2018年10月7日日曜日

『場づくりノート』

 国際NGOのシャプラニール=市民による海外協力の会に関係している縁で、たまによそのNGO・NPOスタッフと会って話したり、取材を受けたりする。「傍観者」の新聞記者時代とちがって、今は地域コミュニティの真っただ中にいる「当事者」だ。原発震災後の福島は、とりわけコミュニティ再生が課題の一つになっている。その観点からの取材・意見交換が多い。
 地域図書館「かべや文庫」を主宰しているカミサンが、福島市にある認定特定非営利活動法人・市民公益活動パートナーズから取材を受けた。ついでに、行政区のこと、いわき地域学會のことも――となって、私もいろいろ聞かれた。取材のポイントは、文庫が地域住民と原発避難者との交流の場になっているところにあったようだ。

 後日、『場づくりノート』=写真=という小冊子が届いた。私らのほかに、「ふるさと豊間復興協議会」(いわき市)、NPO法人や一般社団法人の「しんぐるまざあず・ふぉーらむ・福島&ふくしま総合相談センター」(郡山市)「いちばん星南相馬プロジェクト」(南相馬市)「「ビーンズふくしま」(福島市)「くらスタ」(田村市)、それに編集・発行元のパートナーズが紹介されている。

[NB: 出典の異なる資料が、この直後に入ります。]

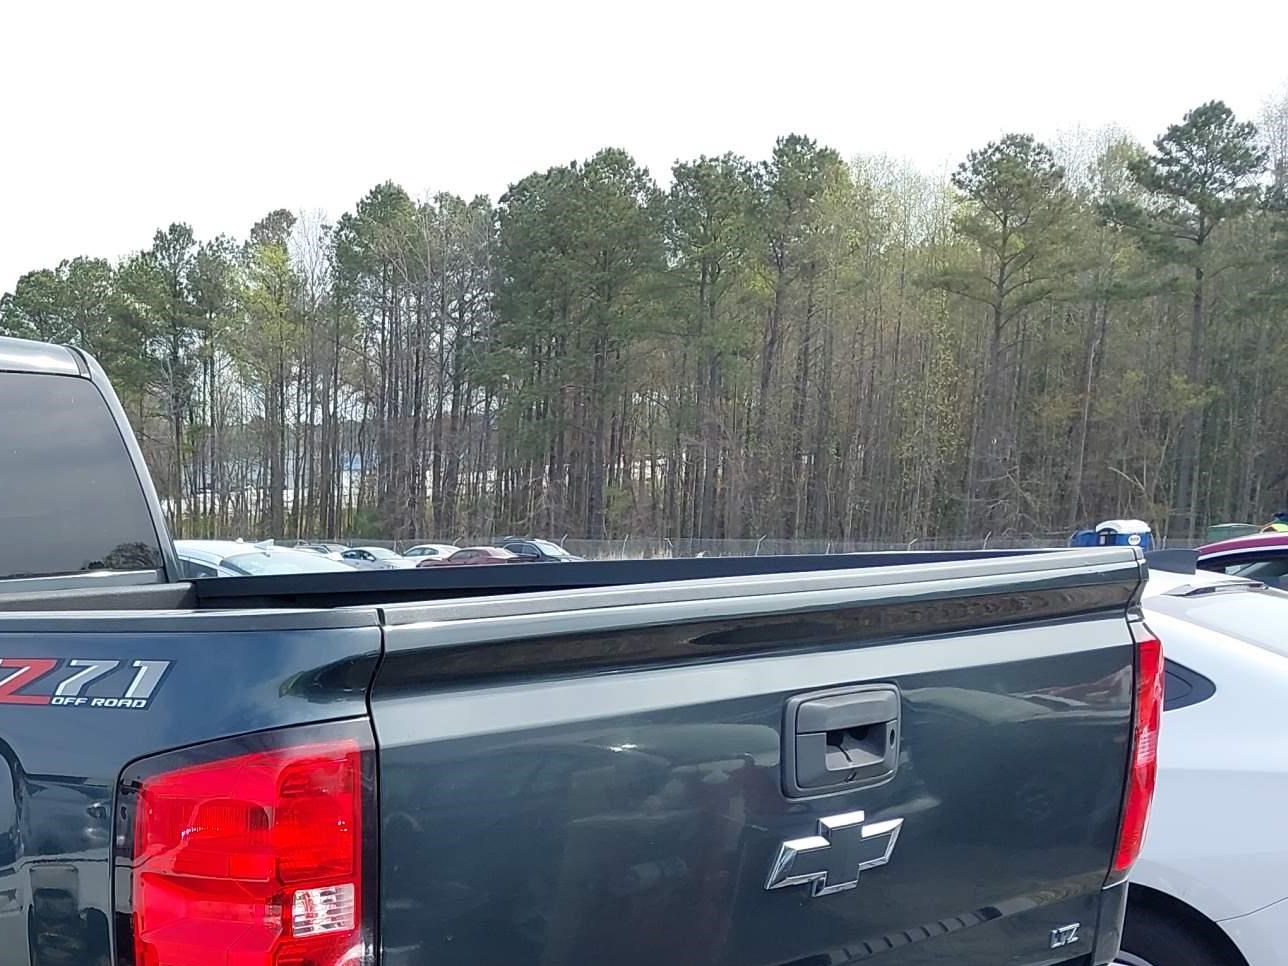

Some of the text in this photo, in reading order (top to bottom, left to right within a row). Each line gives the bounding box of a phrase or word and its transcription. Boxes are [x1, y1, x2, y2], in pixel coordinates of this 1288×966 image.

[51, 697, 147, 709] OFF ROAD
[1050, 922, 1081, 949] LTZ

「ふるさと豊間」は津波被災からの帰還向上・住宅再建支援などを、「しんぐる」はひとり親家族の互助や被災者・避難者支援を、「いちばん星」は復興支援ボランティアと地元のニーズのマッチング、農家民宿・里山づくりなどを、「ビーンズ」は子育て支援や避難中の親子の交流拠点運営などを、「くらスタ」は住民主体の地域づくりや移住・交流人口増を図る事業などを展開している。

「パートナーズ」は災害復興公営住宅団地と地元町内会・住民による交流の場づくり、地域の声を聴く機会の創出、福島からの情報発信などを活動の柱に据えている。NPOなどを支援する、「行政の枠を超えた広域の中間支援組織」でもある。

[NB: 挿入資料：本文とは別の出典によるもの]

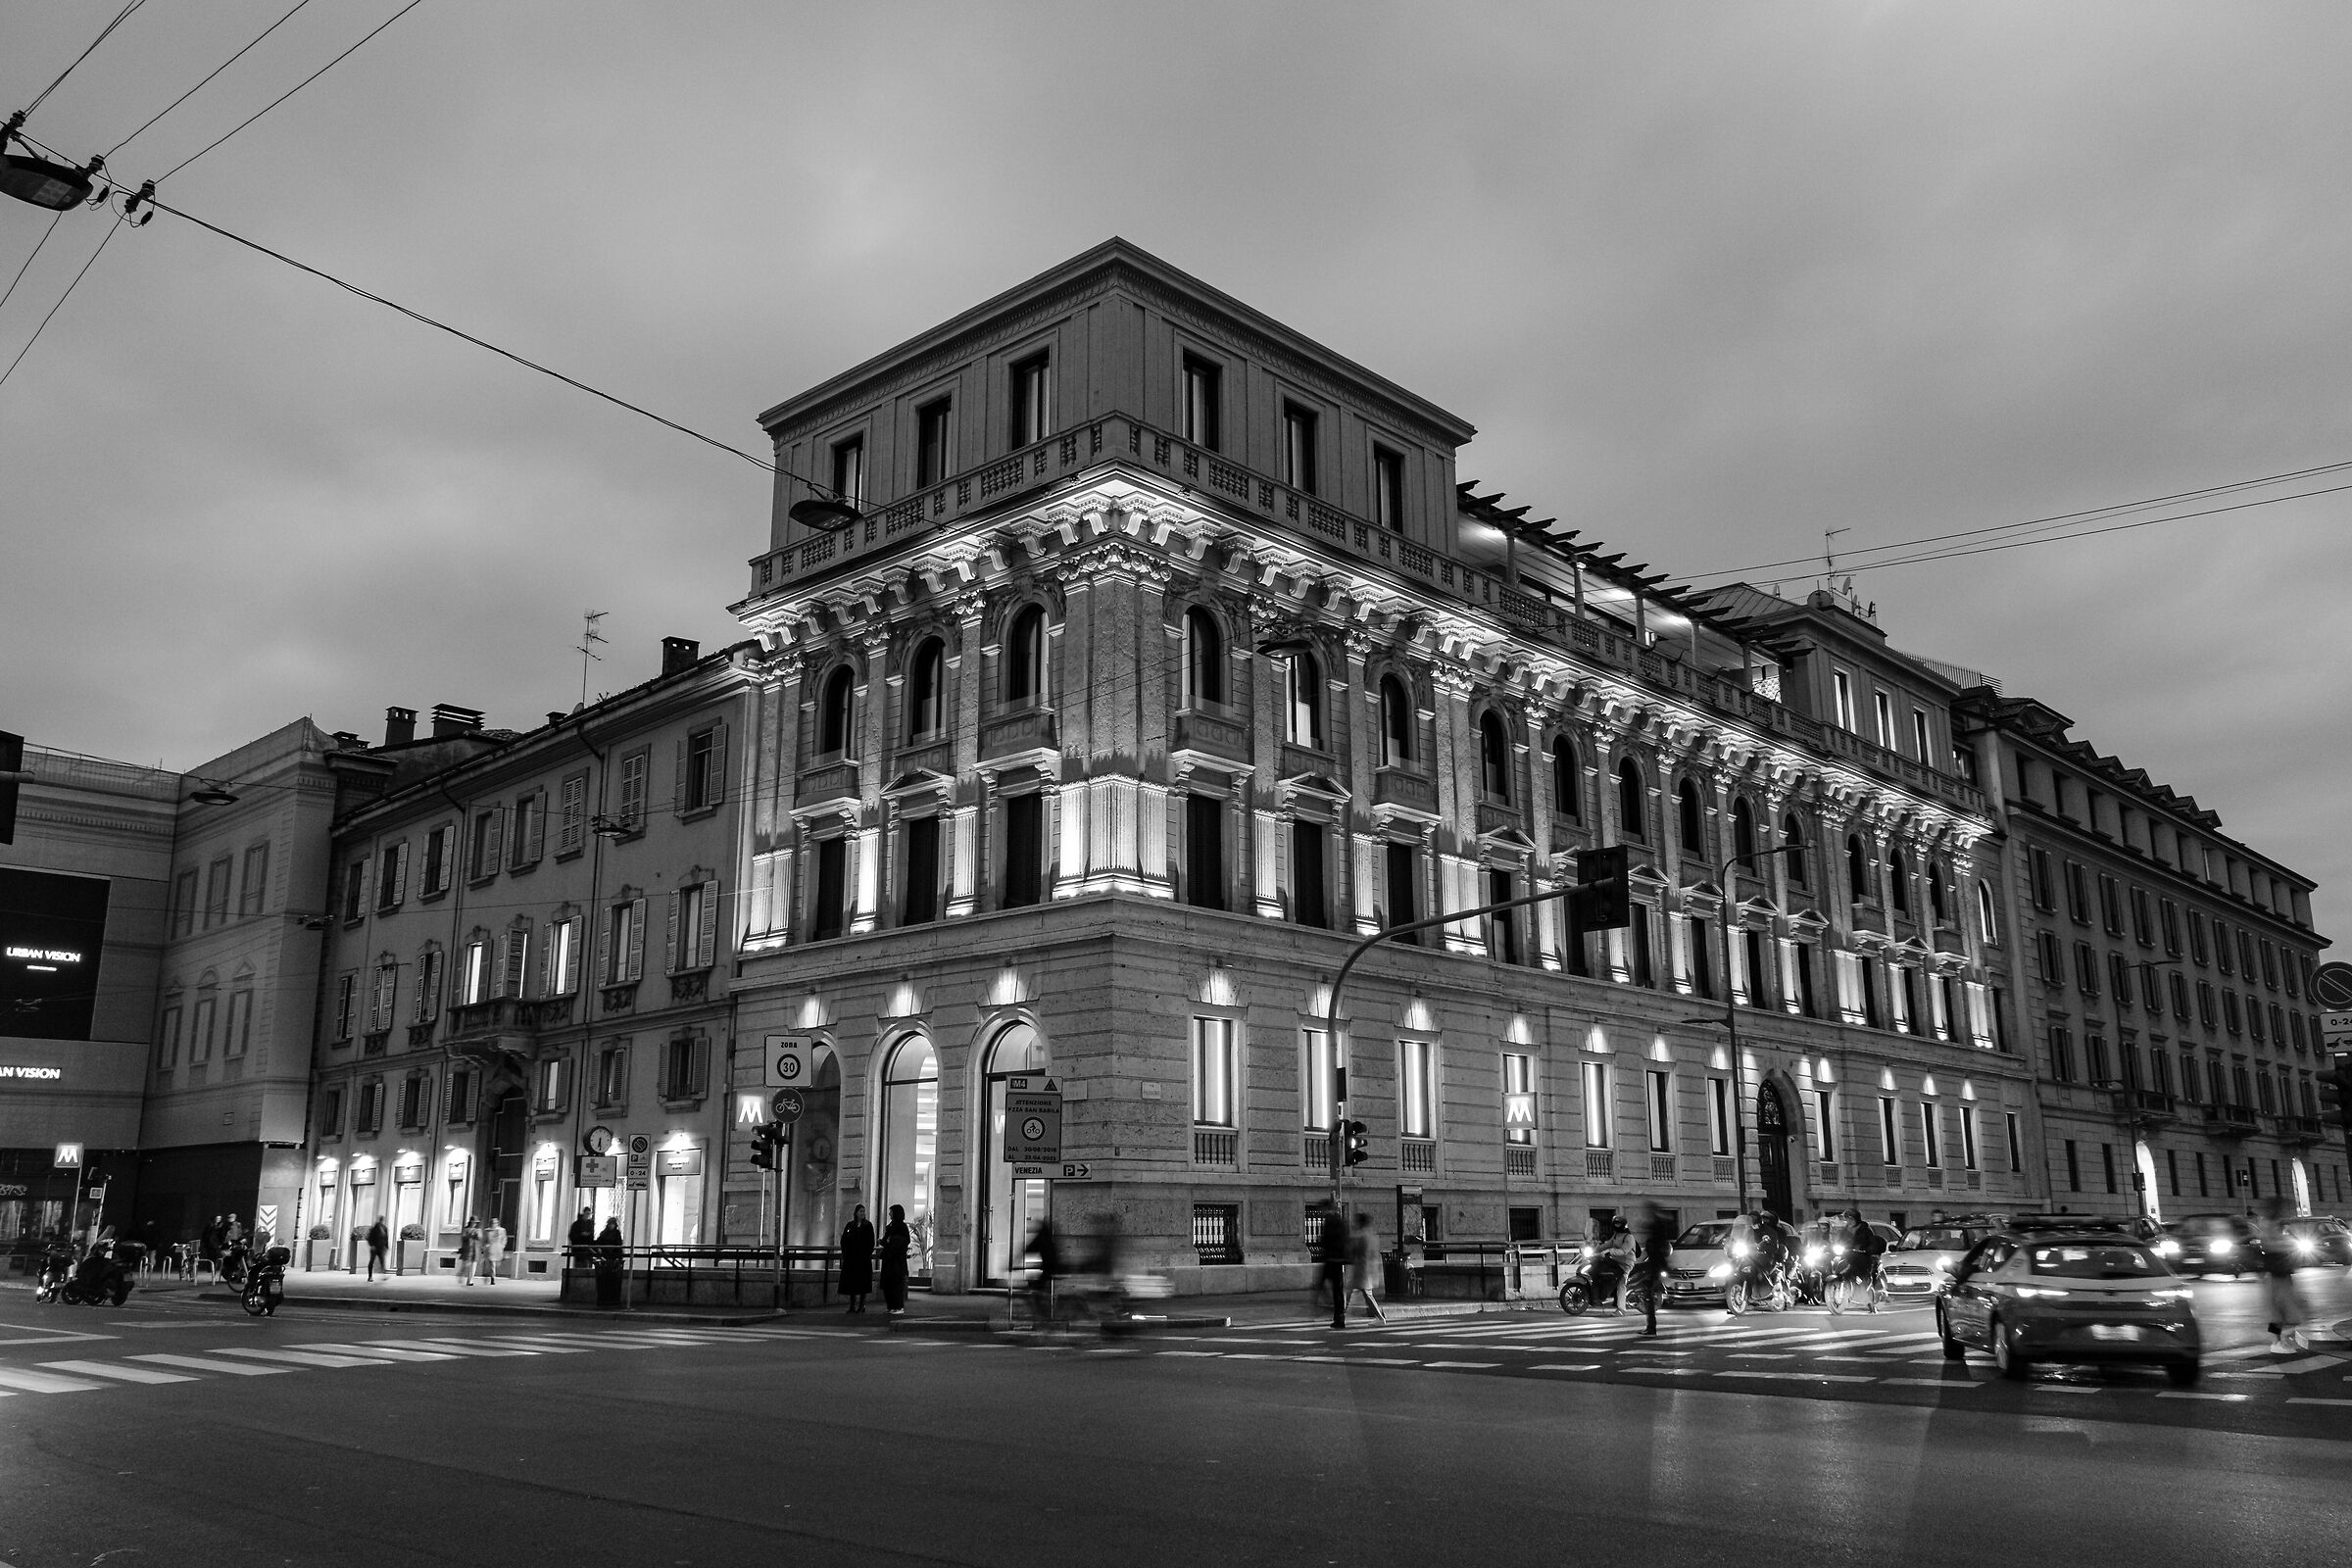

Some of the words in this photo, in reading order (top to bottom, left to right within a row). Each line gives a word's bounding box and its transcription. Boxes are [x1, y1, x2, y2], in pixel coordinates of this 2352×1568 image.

[6, 947, 43, 958] URBAN
[44, 950, 80, 962] VISION
[2330, 1017, 2352, 1026] 0-2
[16, 1066, 61, 1079] VISION
[783, 1062, 796, 1073] 30
[738, 1101, 763, 1123] M
[1506, 1101, 1533, 1122] M
[57, 1148, 78, 1163] M

『場づくりノート』の巻頭にこうあった。「これからの福島を、地域に暮らす人たち自身の手で創っていく。そのためには多様な『場づくり』が大切だけど、そうそう簡単にはいきません。紹介した7つの事例が、チャレンジする人たちへのエールとなりますように」

イベントを中心にした非日常的な被災地支援はメディアも取り上げやすい。ところが、地域コミュニティの再生となると、日常的、かつ心の復興とも関係するから、メディアの嗅覚は鈍る。結果、一般の人には活動が見えにくい。『場づくりノート』は福島県内にどんな活動団体があるかを教えてくれる。私ら自身、ほかの団体のことはよく知らなかった。

「さまざまな人たちが集い、話す。心を癒し、明日への力を蓄える。つながり合い、支え合うことが、地域を元気にするチカラになる」(表紙のことば)。来る者は拒まず、去る者は追わず――の勝手流で少しでも前に進めればうれしい、と思う。